The Golden Cage of Hilde Bruch

WARNING: this article references specific weights

‘I would say now that I had created a golden cage studded with jewels, that they were flashing because I wanted to make an impression.’ This is how Ida, a patient of psychoanalyst Hilde Bruch, described anorexia nervosa. But it could just as easily describe Bruch’s work.

Hilde Bruch’s writings are filled with eye-catching ideas about AN — persuasive notions that caught the imagination of a generation of researchers and clinicians. But rather than expanding understanding, many of Bruch’s most influential ideas shut it down. For 50 years her thinking has shaped how AN is explained, who is to blame and how it is treated. Over time, these ideas have hardened into orthodoxy — a set of assumptions so familiar they are rarely questioned. A golden cage: attractive, seductive but ultimately a prison.

Anorexia Myths decided to take a look at five of Bruch’s most enduring ideas — and why it’s finally time to break free.

Families cause anorexia (especially mothers, obvs)

In Bruch’s world, the family is always at the heart of the problem. If dysfunction is not obvious, it is simply hidden more deeply: beneath harmony, behind denial, within ‘unhealthy’ closeness. Bruch was perhaps a product of her age, or perhaps suffering from some internalised misogyny, because she saved her worst condemnation for mothers; anorexia developed in their children because they just weren’t very good at mothering.But her reasoning was deeply flawed. You only need to look at the language she used, which was elastic enough to fit any family: too distant, too close, too harmonious. She explained everything and therefore nothing. And she refused to treat parents’ accounts of their lives as accurate: Parents tend to present their family life as more harmonious than it actually is, or they deny difficulties altogether. Never once did she take the parents’ testimonies at face value, which demonstrates her determination to make the evidence fit her theory. Now thankfully most clinicians no longer blame the family for the illness’s development in their children. But very sadly, some clinicians still look to families to find the root of the problem, despite the lack of any evidence for the idea that poor parenting causes anorexia. Unfortunate, already weary, desperate families arrive in treatment under suspicion, their relationships interpreted as pathological. And it says far more about Hilde Bruch than one family when she talks about how her interventions fixed their relationships: As treatment came to an end, mother and daughter had formed an unusually open, mutually respectful friendship, with much warmth and recognition of their needs and without intrusions on each other. This would not have been possible without the ongoing exploration of the many difficulties that arose during the active phase of the illness. Hmm… or, more likely, the patient recovered from anorexia — and family life returned to normal.
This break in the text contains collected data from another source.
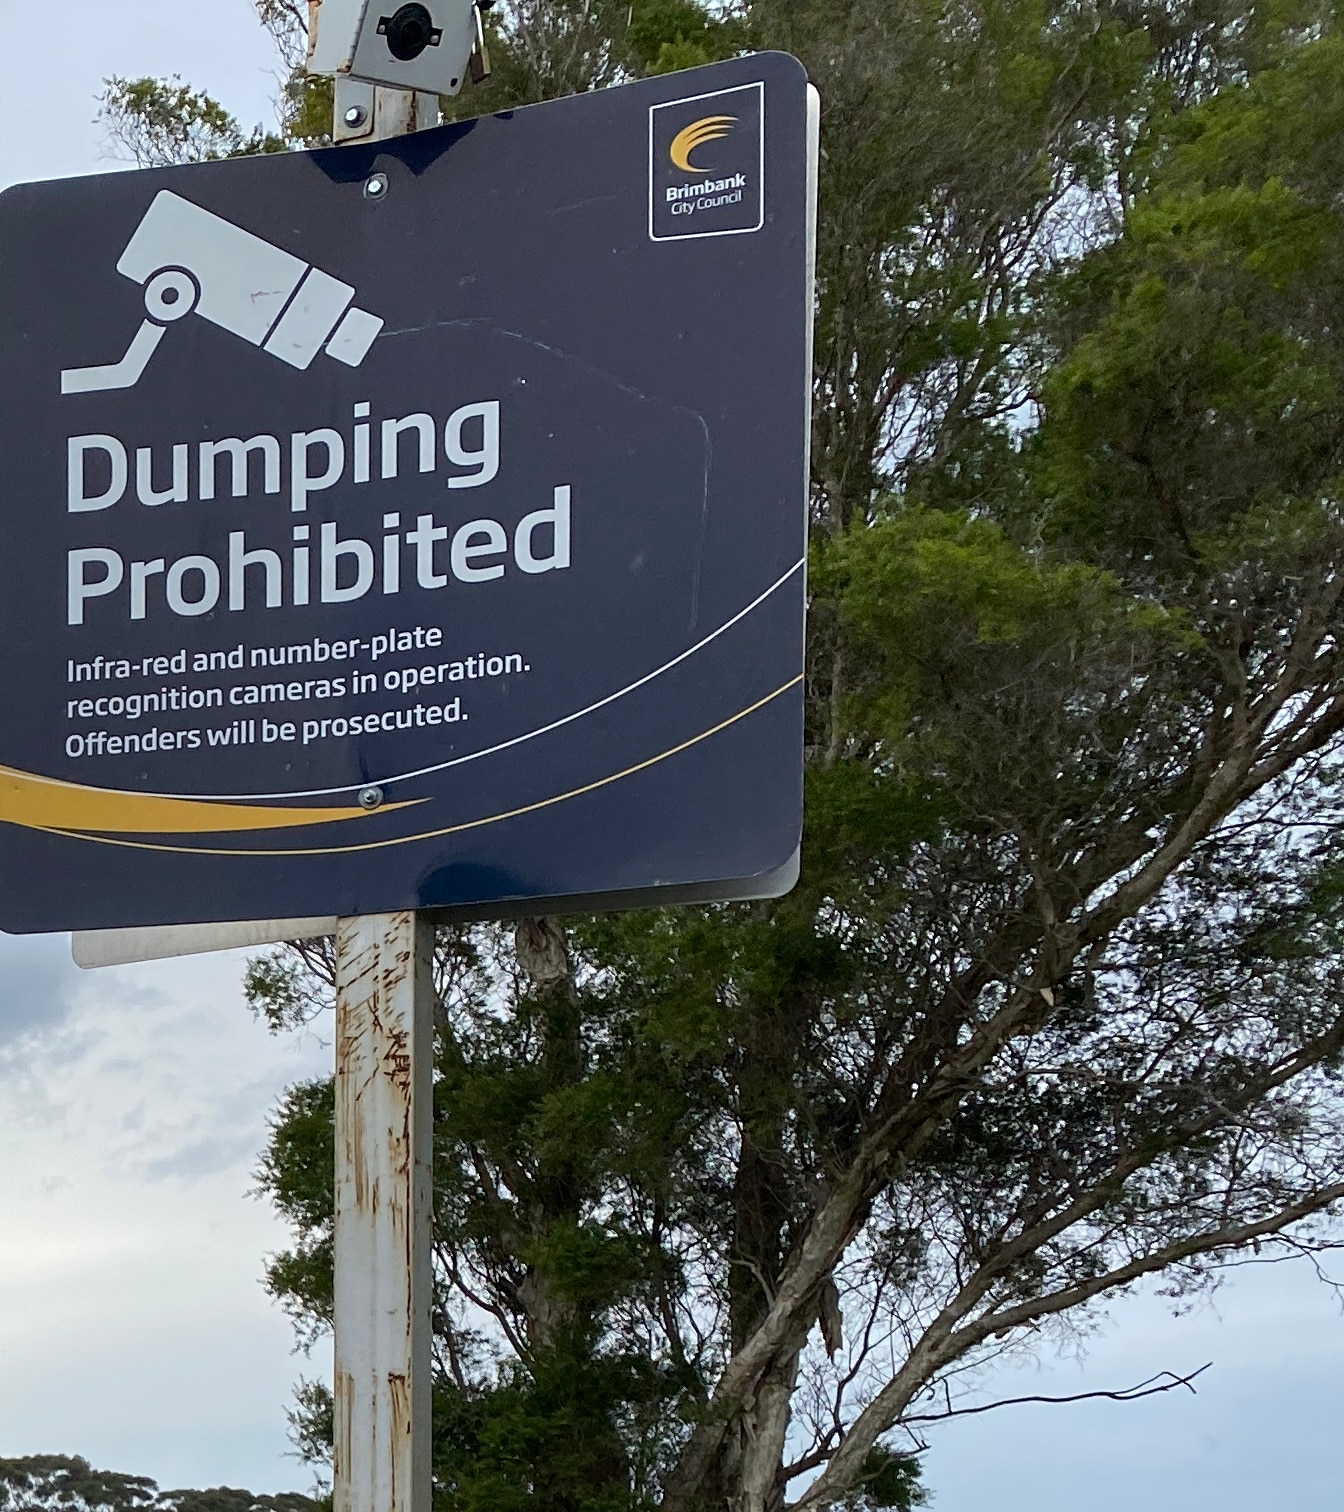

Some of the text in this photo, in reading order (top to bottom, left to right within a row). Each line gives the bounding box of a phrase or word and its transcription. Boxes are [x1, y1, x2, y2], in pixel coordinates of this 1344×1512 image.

[666, 173, 746, 201] Brimbank
[671, 190, 742, 215] City Council
[67, 400, 500, 513] Dumping
[67, 484, 571, 625] Prohibited
[67, 626, 442, 682] Infra-red and number-plate
[67, 652, 530, 719] recognition cameras in operation.
[65, 696, 468, 757] Offenders will be prosecuted.
Anorexia arises from a need for control

Few ideas have travelled as far as this one. It feels intuitive, almost self-evident: when life feels chaotic, food becomes something you can control, perhaps the only thing. The problem is that this idea works backwards. It takes the visible behaviour — rigid eating, restriction — and assigns it a motive. But starvation itself produces rigidity. It narrows thinking, heightens anxiety and puts thoughts about food constantly at the forefront. What might look like a psychological cause is just a biological effect of malnutrition. Hilde Bruch mistook a symptom for a cause and was so convincing in her argument that many in the ED world have failed to question it in the decades since. This lazy thinking must change.
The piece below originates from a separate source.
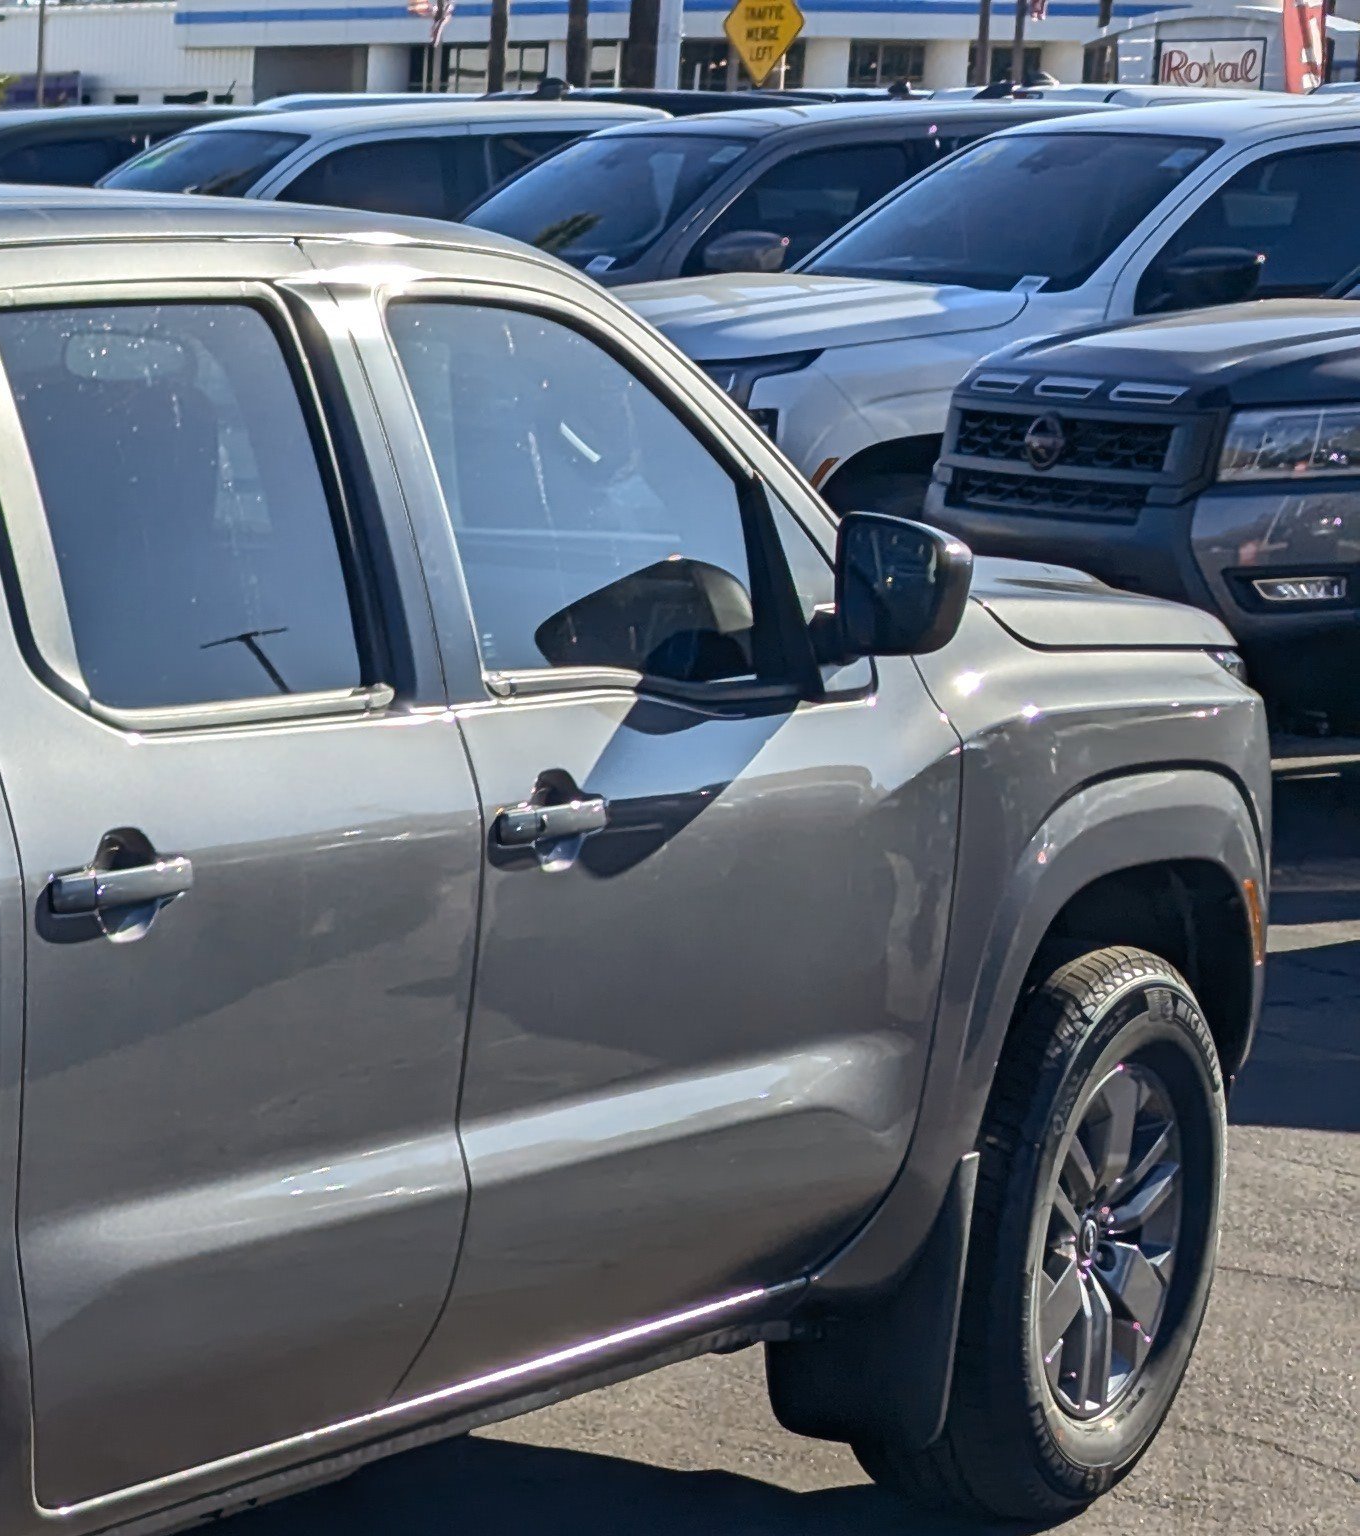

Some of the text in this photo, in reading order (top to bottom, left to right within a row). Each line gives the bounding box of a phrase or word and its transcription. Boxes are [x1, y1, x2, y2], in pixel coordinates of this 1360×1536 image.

[745, 5, 785, 20] TRAFFIC
[745, 25, 780, 41] MERGE
[750, 46, 775, 61] LEFT
Anorexia is a rich white girl’s illness

Most anorexic girls come from upper-middle-class and upper-class homes; financial achievement and social position are often high wrote Hilde Bruch. And so a stereotype was born — one that still shapes who gets seen, diagnosed and treated. The reality is less tidy. Eating disorders do not respect raceMen and boys get anorexia too. And recent studies have shown that poverty may sometimes play a role. But over the decades, many have been turned away from services because they didn’t fit Hilde Bruch’s profile. And many have not even recognised the problem in themselves because they just weren’t the type of people who develop anorexia. The danger of this idea is not just inaccuracy — it is exclusion. And AN has never had the funding it deserves — both for research and treatment — because it has historically been seen as an illness of privileged girls and so not worthy of attention. 

Anorexia is caused by a fear of growing up

one may view the whole illness as an effort to make time stand still, not to grow but to go back to childhood size and functioning. The image is striking: the person with anorexia is trying to stop time, to retreat from adulthood into the safety of childhood. Bodies shrink, menstruation stops, development pauses — surely this must be the goal? But again, the body changes because of starvation. It does not follow that starvation is driven by a wish to become childlike. And of course, Hilde Bruch is also contradicting herself. She often describes her patients’ deeply unhappy childhoods (whether they know if or not), which begs the question: if childhood was so awful, why the desire to return to it? The idea endures because it is narratively satisfying, and it was recently revived by Hadley Freeman in her book Good Girls. But like many of Bruch’s insights, it is based on drawing rather obvious conclusions rather than any deep thought or research.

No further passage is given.